Patently-O Bits and Bytes No. 48

  • Judy Jarecki-Black from Merial Limited has been named the “Best Chief IP Counsel” by 2008″ by Global Counsel Awards 2008. Glacéau was awarded the “Best IP Counsel Team.” [LINK]
  • Eastern District of Texas Settlement: SAP agrees to pay $83 million to i2 Technologies. [LINK] In what appears to be primarily a trade secret case, Oracle is seeking $1 billion in damages from SAP. (Oracle’s no-patent strategy may prove successful).
  • Shen Wei v. Ansell Health Care (N.D. Ill 2008) (Claim Construction Issue Preclusion): The patentee lost a claim construction argument in earlier litigation against another party. In this case, Judge Guzman held that the patentee could not re-argue the construction based on collateral estoppels / issue preclusion. [LINK]
  • BPAI Constitutionality Problem: Representative Berman has introduced H.R. 6362 to fix the BPAI judge appointment problem by returning the duty of appointment to the “Secretary of Commerce, in consultation with the Director of the United States Patent and Trademark Office.”
  • No Double Secret Expedited Reexamination: In Reexamination No. 95/008,972 the PTO recently refused to give any preferential or speedy treatment of the reexamination despite pending litigation. [LINK]

6 thoughts on “Patently-O Bits and Bytes No. 48

  1. 6

    “The tortured English and the verbal redundancy…”

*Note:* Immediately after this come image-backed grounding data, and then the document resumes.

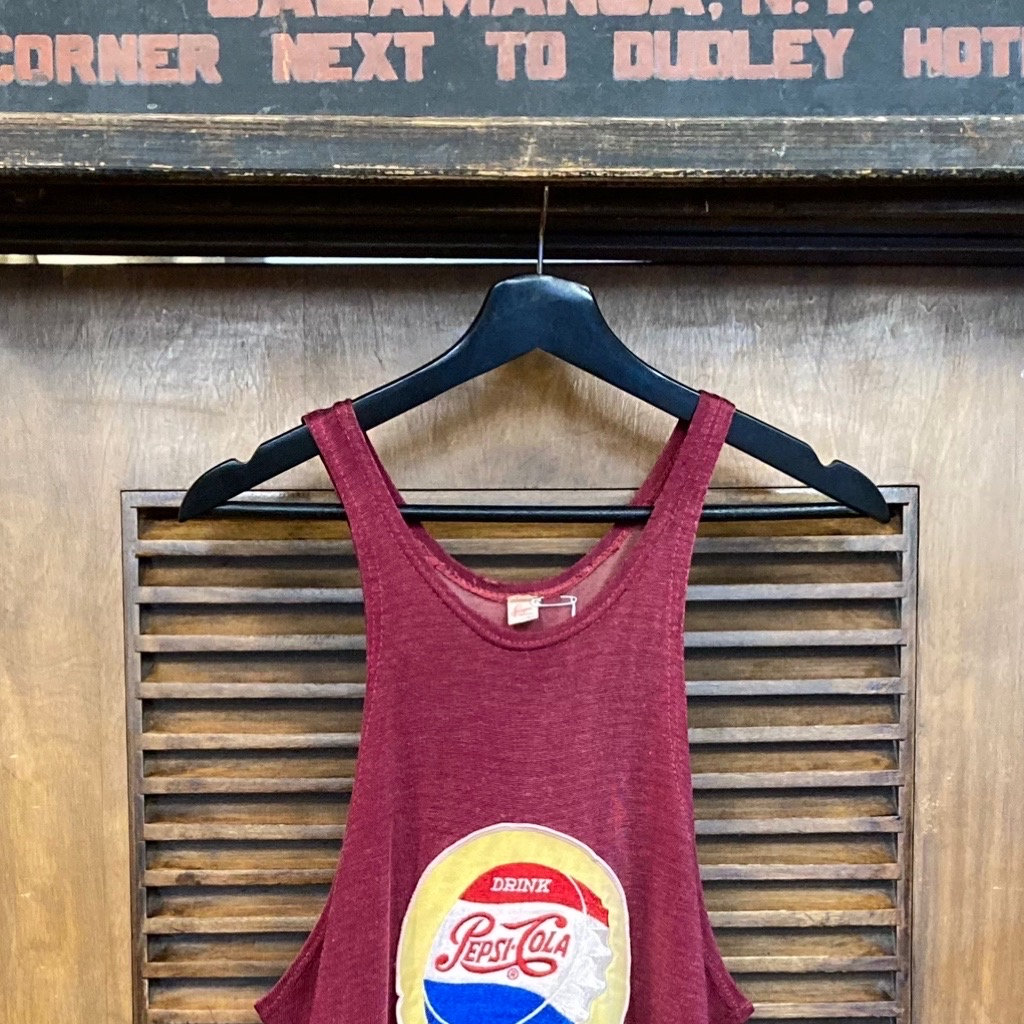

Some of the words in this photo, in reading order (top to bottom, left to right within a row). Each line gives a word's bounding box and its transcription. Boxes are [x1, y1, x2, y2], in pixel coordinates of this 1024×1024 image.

[271, 32, 434, 83] NEXT
[485, 31, 566, 80] TO
[613, 28, 854, 80] DUDLEY
[490, 876, 552, 893] DRINK
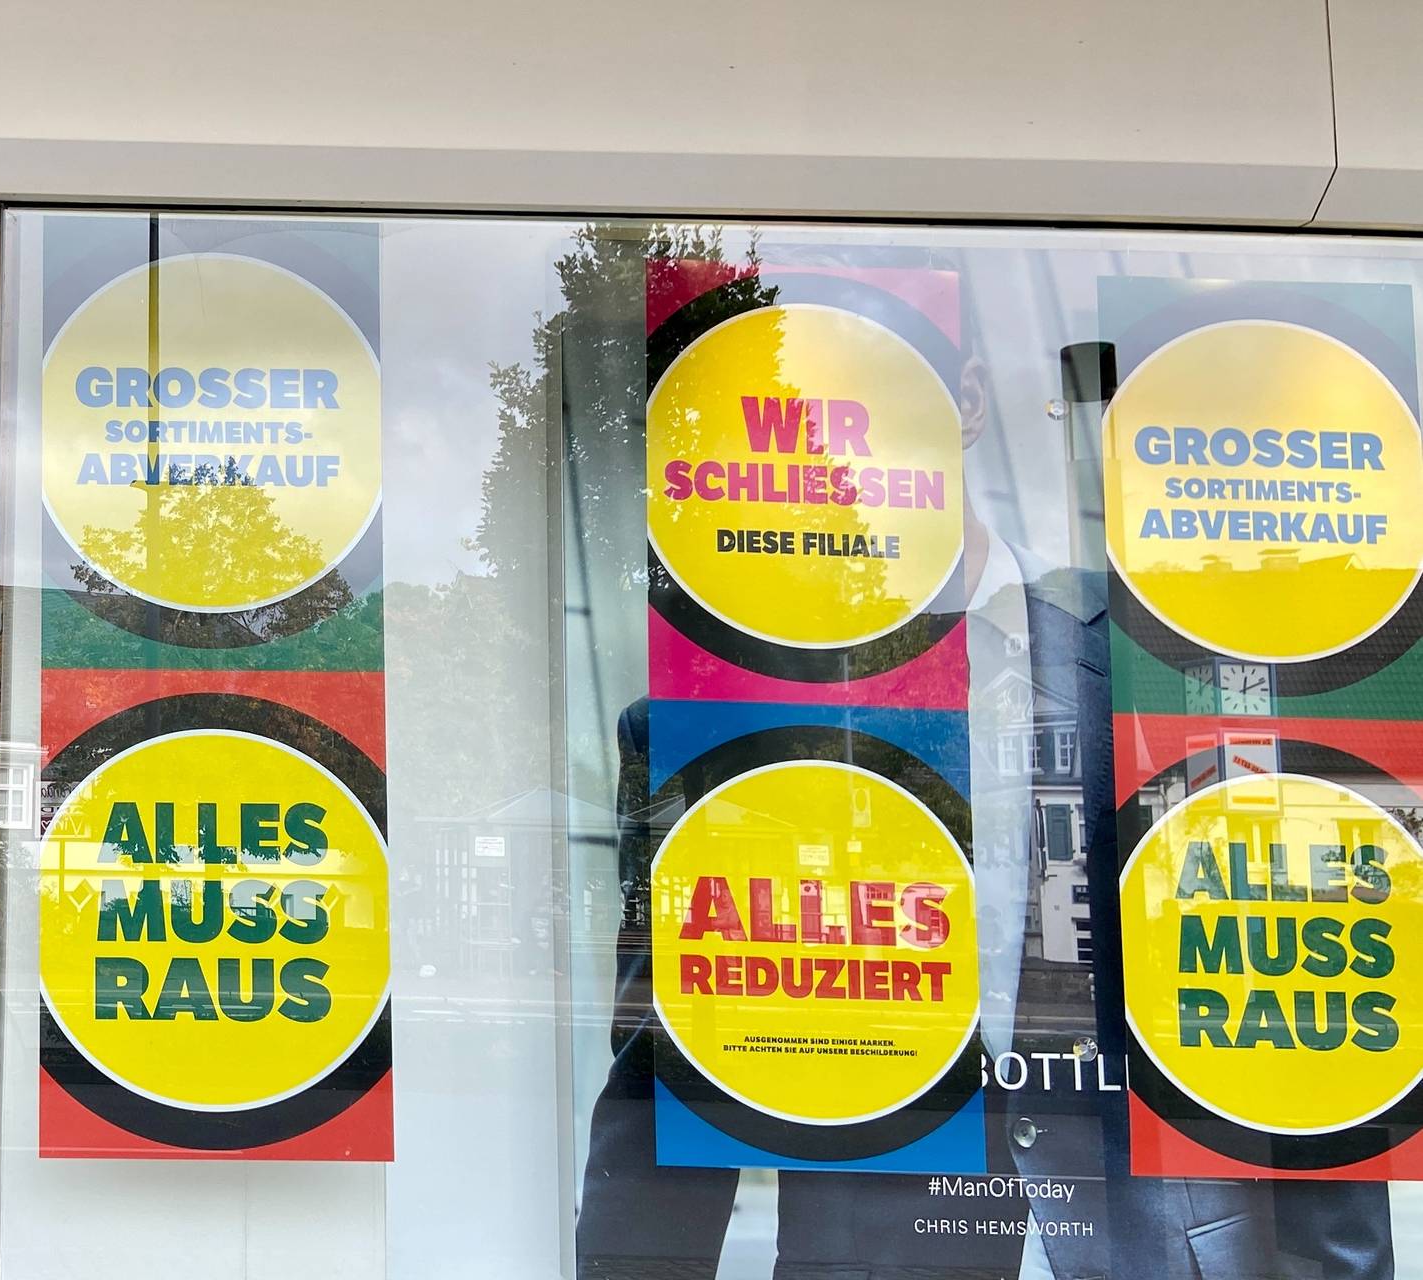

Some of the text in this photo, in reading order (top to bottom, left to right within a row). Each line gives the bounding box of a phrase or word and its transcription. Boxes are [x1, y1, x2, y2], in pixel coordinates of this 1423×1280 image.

    You complain about tortured English, and then you deploy a Latin phrase, “vel non”, that likely can be safely omitted from every sentence in which it ever appears. Interesting.

  2. 4

    I don’t know Mooney, how does the file jacket smell? Remember, don’t open it and read it. That actually takes effort.

  3. 3

    “Best Chief IP Counsel”

    Give me a break. I wonder what it costs to be named “Best Chief IP Counsel?”

  4. 2

    I remember having to examine claims likes this. The tortured English and the verbal redundancy always suggested to me that some office clerk with an Associate’s Degree was practising her translating skills. Do any of us anticipate that a jury made up of mechanics, school teachers, government employees and retirees (those with neither the ability nor inclination to get out of jury duty) will be applying their personal experience to determine the success vel non of the litigation? Also, don’t forget that the law clerk who will be deciding under Markman what the claim means is the same law clerk that needed remedial English classes when he entered college. The jury would be out two days just trying to figure out what “the surface not the disposable examination glove” means.

  5. 1

    With respect to that Shen-Wei case, here’s a couple of the claims (USPN 6,953,582):

    1. A method of manufacturing an enhanced disposable glove, the method comprising the acts of: applying a preparation onto a surface of a fluid-impermeable disposable glove, the preparation including a skin-conditioning substance and a liquid carrier, wherein the skin-conditioning substance comprises a skin-moisturizing substance, the surface of the glove to face a hand during wearing of the glove on the hand, the surface hereinafter referred to as interior surface; and evaporating the liquid carrier from the preparation to form a dry dehydrated preparation attached to the interior surface of the glove, so that the dehydrated preparation contacts the hand during wearing of the glove on the hand.

    13. An article for protecting a hand, the article comprising: a disposable examination glove that is fluid-impermeable; and a coating on a surface of the disposable examination glove, the coating including a dry skin-moisturizing substance that had undergone dehydration, prior to becoming dry, while on the surface not the disposable examination glove,wherein, the coating contacts a hand during donning of the article onto the hand, and the coating absorbs moisture from perspiration when worn on the hand to form a moistened skin-moisturizing substance.

    The problem to be solved:

    “There is therefore a need for low cost disposable gloves that can apply moisturizing and therapeutic substances to the hands during the glove use without leaving a greasy feel or look to the skin, while at the same time, retain the characteristics and functions of conventional single layer gloves.”

    The allegedly non-obvious solution to this problem: put dehydrated aloe vera inside the glove. Given that the isolation of various active skin-protective substances from aloe is very old in the art (two seconds of searching found, e.g., USPN 4,851,224 and I respectfully submit that the USPTO database is probably one of the worst sources for aloe-related treatments published prior to the patent bubble), it’s difficult to imagine this patent being valid.

    Extraordinarly difficult.

    But maybe it’s just me being all biased and stuff.